Annotated photo localization data:
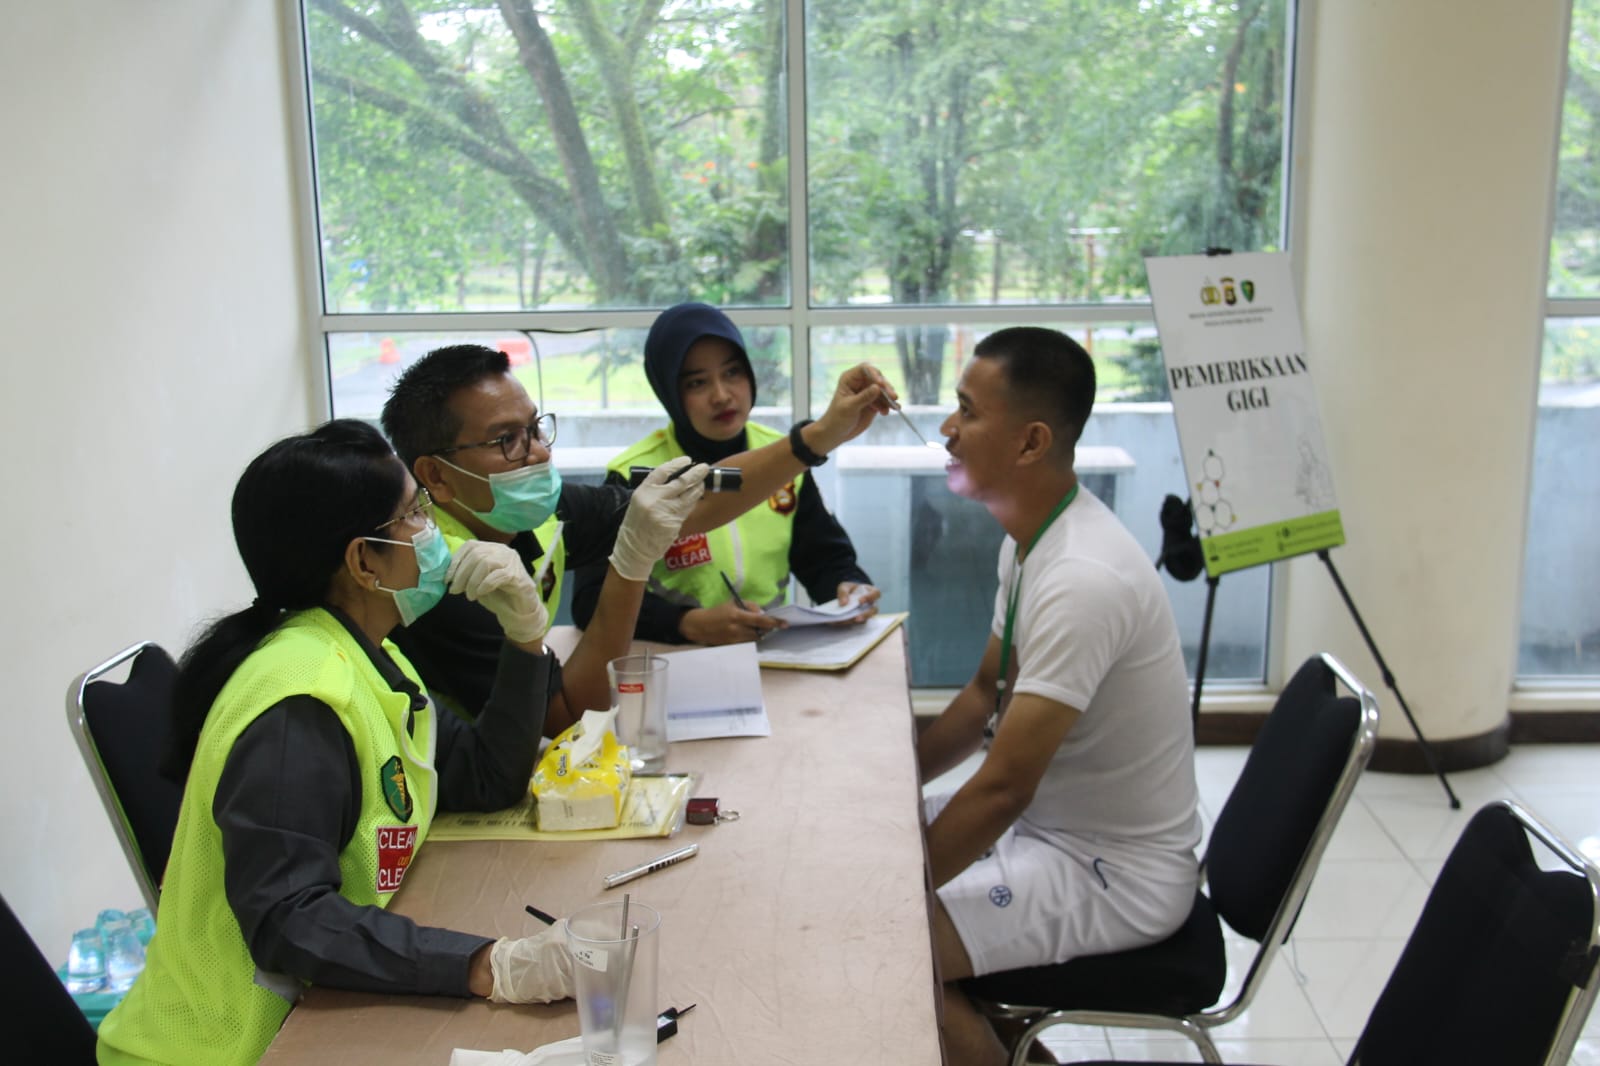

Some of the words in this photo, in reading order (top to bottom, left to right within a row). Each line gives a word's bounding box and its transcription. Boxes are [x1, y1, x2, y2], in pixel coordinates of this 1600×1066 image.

[1170, 354, 1308, 389] PEMERIKSAAN
[1227, 387, 1270, 412] GIGI
[667, 548, 710, 569] CLEAR
[378, 867, 404, 887] CLE

Work to be completed => Each line of the data must be restated exactly, and the pictures must be left out.

Exercise solution =>
Some of the words in this photo, in reading order (top to bottom, left to right within a row). Each line gives a word's bounding box and its transcription. Boxes are [x1, y1, x2, y2], in pixel coordinates of this 1600×1066 image.

[1170, 354, 1308, 389] PEMERIKSAAN
[1227, 387, 1270, 412] GIGI
[667, 548, 710, 569] CLEAR
[378, 867, 404, 887] CLE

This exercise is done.